[Free-text object descriptions]
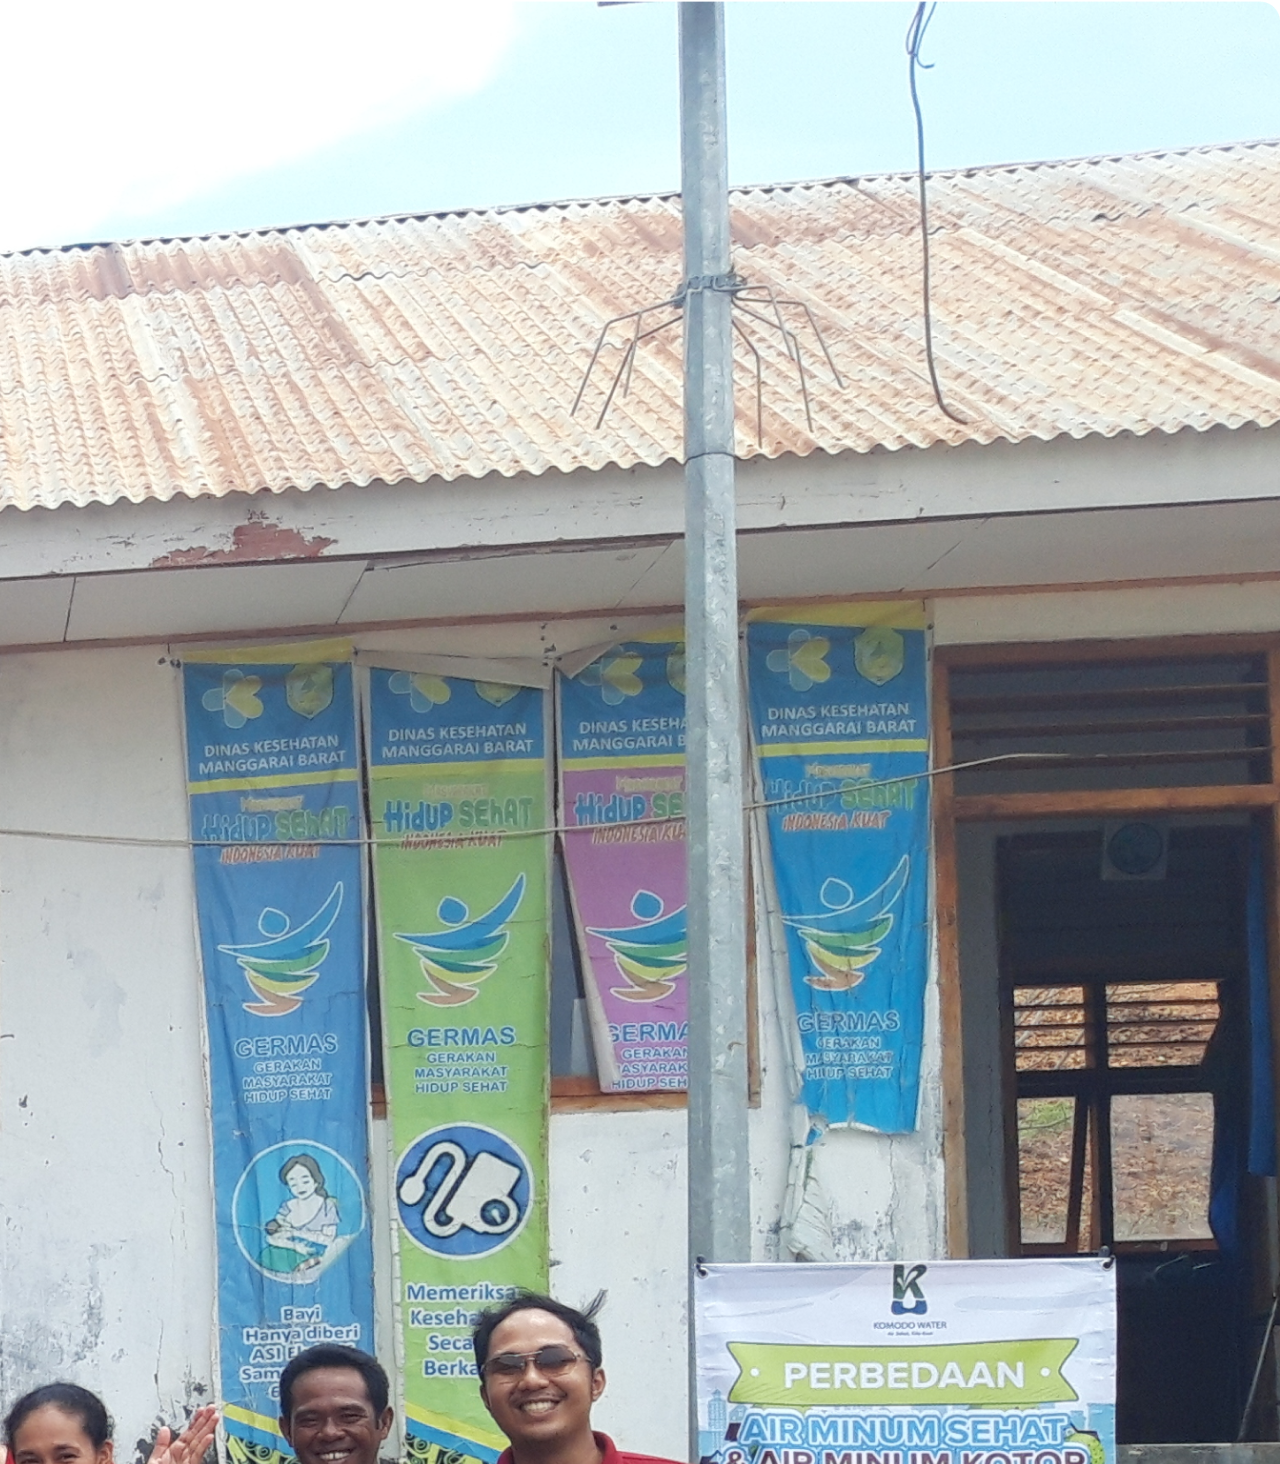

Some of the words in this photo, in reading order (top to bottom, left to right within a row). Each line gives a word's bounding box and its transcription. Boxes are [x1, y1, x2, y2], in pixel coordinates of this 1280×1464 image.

[768, 706, 816, 720] DINAS
[821, 703, 909, 718] KESEHATAN
[389, 727, 435, 741] DINAS
[440, 723, 527, 739] KESEHATAN
[580, 720, 627, 734] DINAS
[762, 721, 861, 738] MANGGARAI
[867, 719, 916, 734] BARAT
[204, 743, 250, 757] DINAS
[254, 735, 339, 753] KESEHATAN
[382, 742, 479, 758] MANGGARAI
[484, 739, 533, 753] BARAT
[573, 735, 672, 751] MANGGARAI
[199, 757, 294, 775] MANGGARAI
[298, 750, 346, 766] BARAT
[797, 1010, 899, 1033] GERMAS
[407, 1027, 516, 1048] GERMAS
[608, 1023, 688, 1042] GERMA
[235, 1034, 338, 1058] GERMAS
[427, 1052, 495, 1063] GERAKAN
[255, 1059, 321, 1073] GERAKAN
[415, 1066, 507, 1078] MASYARAKAT
[620, 1062, 688, 1075] ASYARAK
[848, 1066, 893, 1078] SEHAT
[243, 1073, 332, 1088] MASYARAKAT
[415, 1082, 458, 1093] HIDUP
[462, 1081, 507, 1092] SEHAT
[612, 1078, 655, 1089] HIDUP
[660, 1078, 687, 1088] SEH
[245, 1090, 287, 1103] HIDUP
[290, 1088, 332, 1100] SEHAT
[407, 1284, 516, 1300] Memeriksa
[283, 1307, 320, 1322] Bayi
[873, 1322, 915, 1330] KOMODO
[917, 1321, 947, 1330] WATER
[244, 1330, 301, 1344] Hanya
[306, 1325, 358, 1340] diberi
[428, 1335, 473, 1351] Seca
[251, 1347, 281, 1361] ASI
[241, 1367, 281, 1381] Sam
[424, 1359, 479, 1376] Berka
[784, 1361, 1024, 1389] PERBEDAAN
[743, 1417, 803, 1444] AIR
[809, 1418, 936, 1445] MINUM
[945, 1416, 1067, 1444] SEHAT

[What to produce]: Give the data back exactly, omitting all pictures.

[Reply to the exercise]:
Some of the words in this photo, in reading order (top to bottom, left to right within a row). Each line gives a word's bounding box and its transcription. Boxes are [x1, y1, x2, y2], in pixel coordinates of this 1280×1464 image.

[768, 706, 816, 720] DINAS
[821, 703, 909, 718] KESEHATAN
[389, 727, 435, 741] DINAS
[440, 723, 527, 739] KESEHATAN
[580, 720, 627, 734] DINAS
[762, 721, 861, 738] MANGGARAI
[867, 719, 916, 734] BARAT
[204, 743, 250, 757] DINAS
[254, 735, 339, 753] KESEHATAN
[382, 742, 479, 758] MANGGARAI
[484, 739, 533, 753] BARAT
[573, 735, 672, 751] MANGGARAI
[199, 757, 294, 775] MANGGARAI
[298, 750, 346, 766] BARAT
[797, 1010, 899, 1033] GERMAS
[407, 1027, 516, 1048] GERMAS
[608, 1023, 688, 1042] GERMA
[235, 1034, 338, 1058] GERMAS
[427, 1052, 495, 1063] GERAKAN
[255, 1059, 321, 1073] GERAKAN
[415, 1066, 507, 1078] MASYARAKAT
[620, 1062, 688, 1075] ASYARAK
[848, 1066, 893, 1078] SEHAT
[243, 1073, 332, 1088] MASYARAKAT
[415, 1082, 458, 1093] HIDUP
[462, 1081, 507, 1092] SEHAT
[612, 1078, 655, 1089] HIDUP
[660, 1078, 687, 1088] SEH
[245, 1090, 287, 1103] HIDUP
[290, 1088, 332, 1100] SEHAT
[407, 1284, 516, 1300] Memeriksa
[283, 1307, 320, 1322] Bayi
[873, 1322, 915, 1330] KOMODO
[917, 1321, 947, 1330] WATER
[244, 1330, 301, 1344] Hanya
[306, 1325, 358, 1340] diberi
[428, 1335, 473, 1351] Seca
[251, 1347, 281, 1361] ASI
[241, 1367, 281, 1381] Sam
[424, 1359, 479, 1376] Berka
[784, 1361, 1024, 1389] PERBEDAAN
[743, 1417, 803, 1444] AIR
[809, 1418, 936, 1445] MINUM
[945, 1416, 1067, 1444] SEHAT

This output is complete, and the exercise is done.